Herb-Crusted Pan Seared Salmon with Quinoa

This is an example of a meal that Solin would create to include in your personalized meal plan.

Herb-Crusted Pan Seared Salmon with Quinoa

YOUR SOLIN GENERATED RECIPE

Herb-Crusted Pan Seared Salmon with Quinoa

Enjoy a delicious take on pan seared salmon with a fresh herb crust paired with a fluffy bed of quinoa. The salmon is delicately seasoned with parsley, dill, and a hint of lemon zest for an aromatic and refreshing flavor.

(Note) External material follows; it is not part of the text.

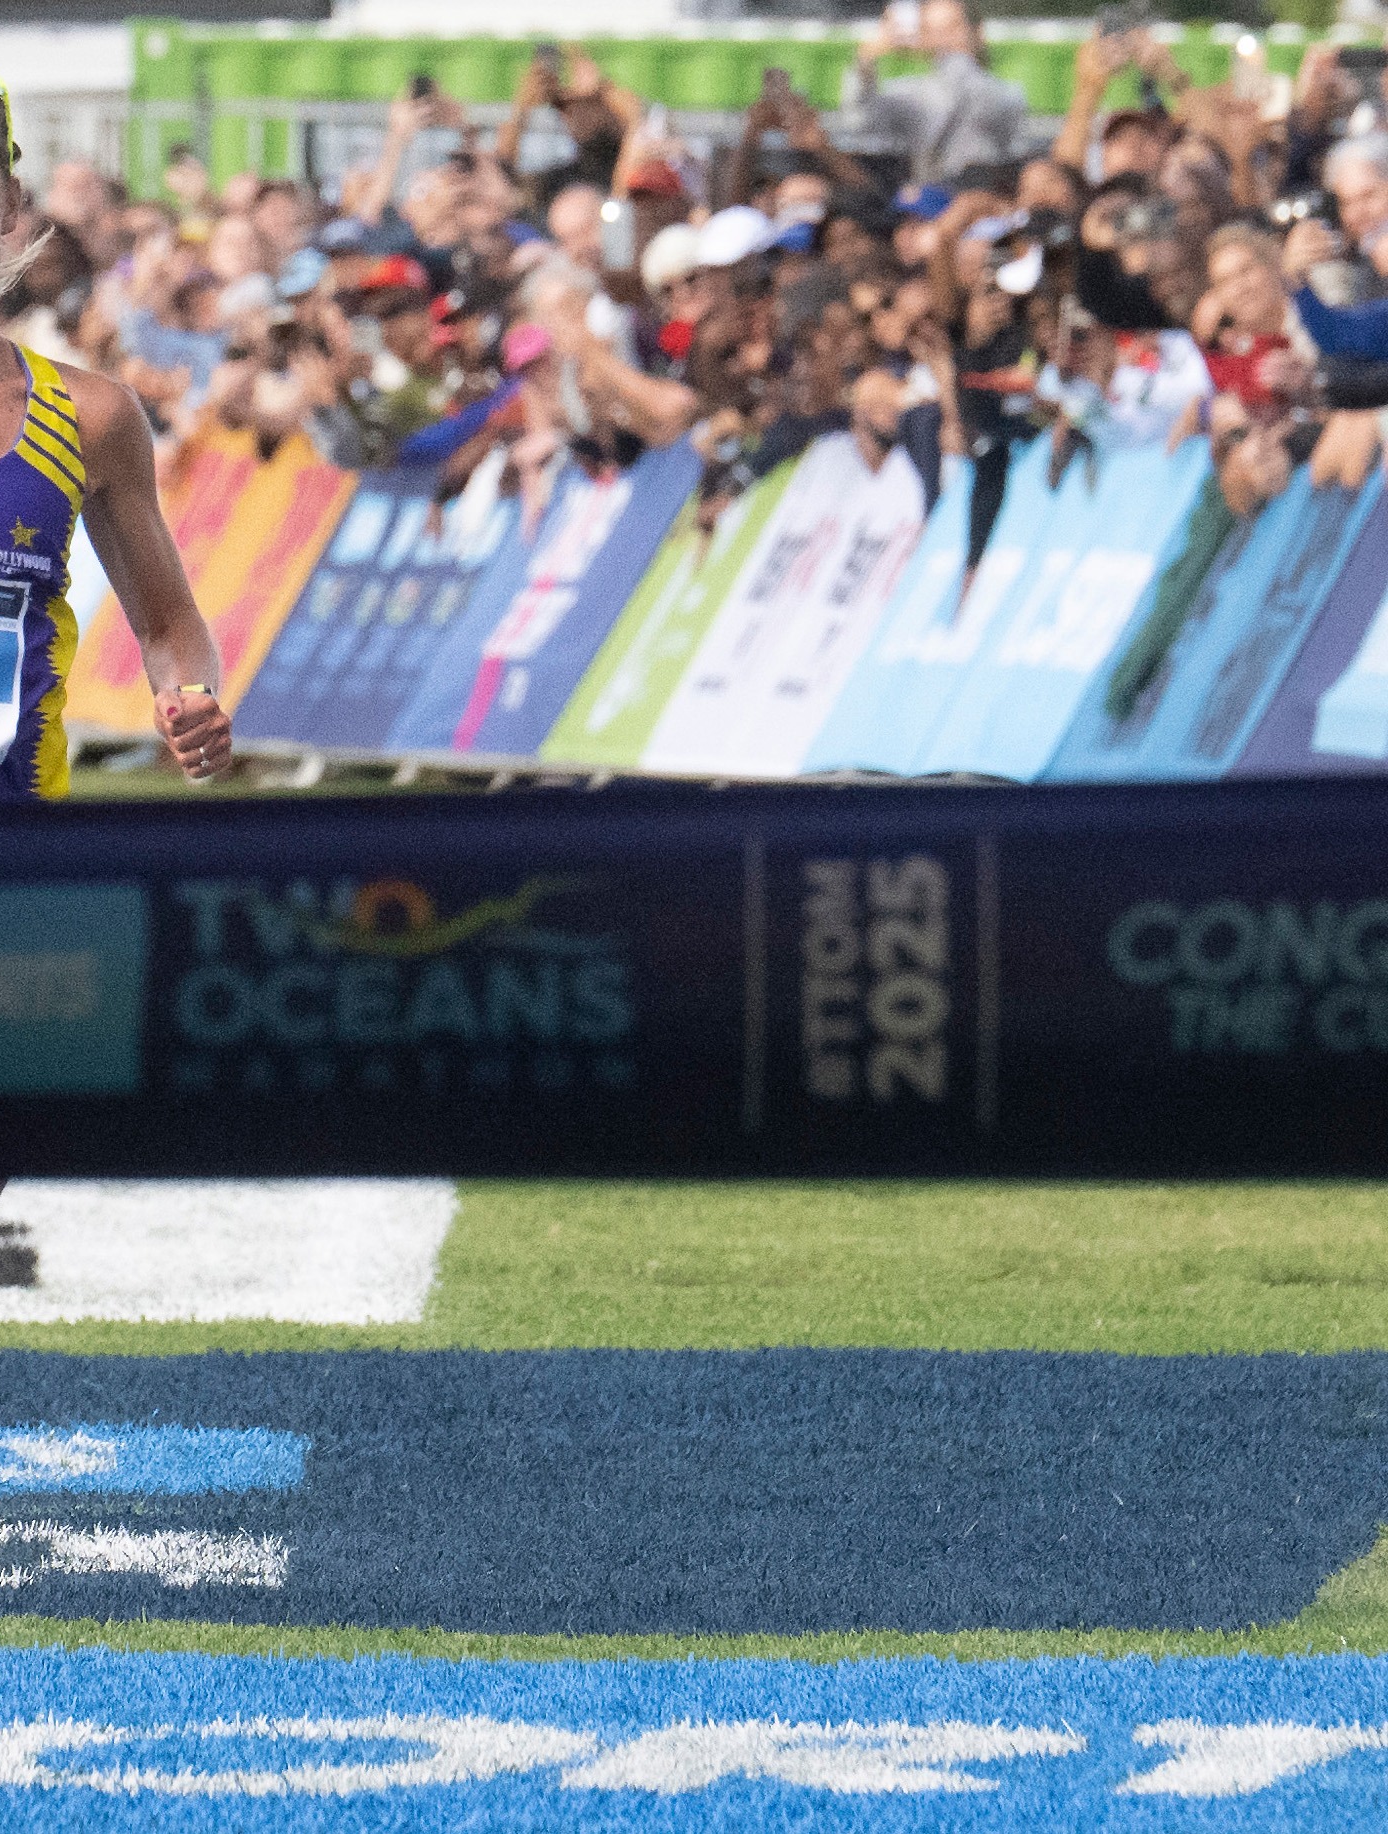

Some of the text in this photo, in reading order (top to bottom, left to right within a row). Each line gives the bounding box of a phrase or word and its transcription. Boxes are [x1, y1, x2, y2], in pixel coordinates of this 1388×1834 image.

[174, 960, 636, 1044] OCEANS
[865, 853, 950, 1100] 2025
[1167, 990, 1299, 1052] THE

This balanced meal delivers a satisfying blend of lean protein, whole grains, and vibrant herbs perfect for any meal of the day.

NUTRITION

433kcal
Protein
35.5g
Fat
19.9g
Carbs
22.1g

SERVINGS

1 serving

INGREDIENTS

5 ounces Salmon Fillet

1/2 cup Cooked Quinoa

1/2 teaspoon Olive Oil

2 tablespoons Fresh Parsley (chopped)

2 tablespoons Fresh Dill (chopped)

1/2 teaspoon Garlic Powder

1 teaspoon Lemon Zest

1 pinch Salt

1 pinch Black Pepper

PREPARATION

  • 1

    Pat the salmon dry and season both sides with salt, pepper, garlic powder, lemon zest, chopped parsley, and dill.

  • 2

    Heat olive oil in a non-stick skillet over medium-high heat.

  • 3

    Place the salmon skin-side down (if applicable) and sear for about 3-4 minutes until a golden crust forms.

  • 4

    Flip the salmon carefully and cook for an additional 3-4 minutes until desired doneness.

  • 5

    Meanwhile, warm the cooked quinoa in a small pot or microwave until heated through.

  • 6

    Plate the quinoa as a base and place the seared salmon on top.

  • 7

    Garnish with a sprinkle of fresh herbs and serve immediately.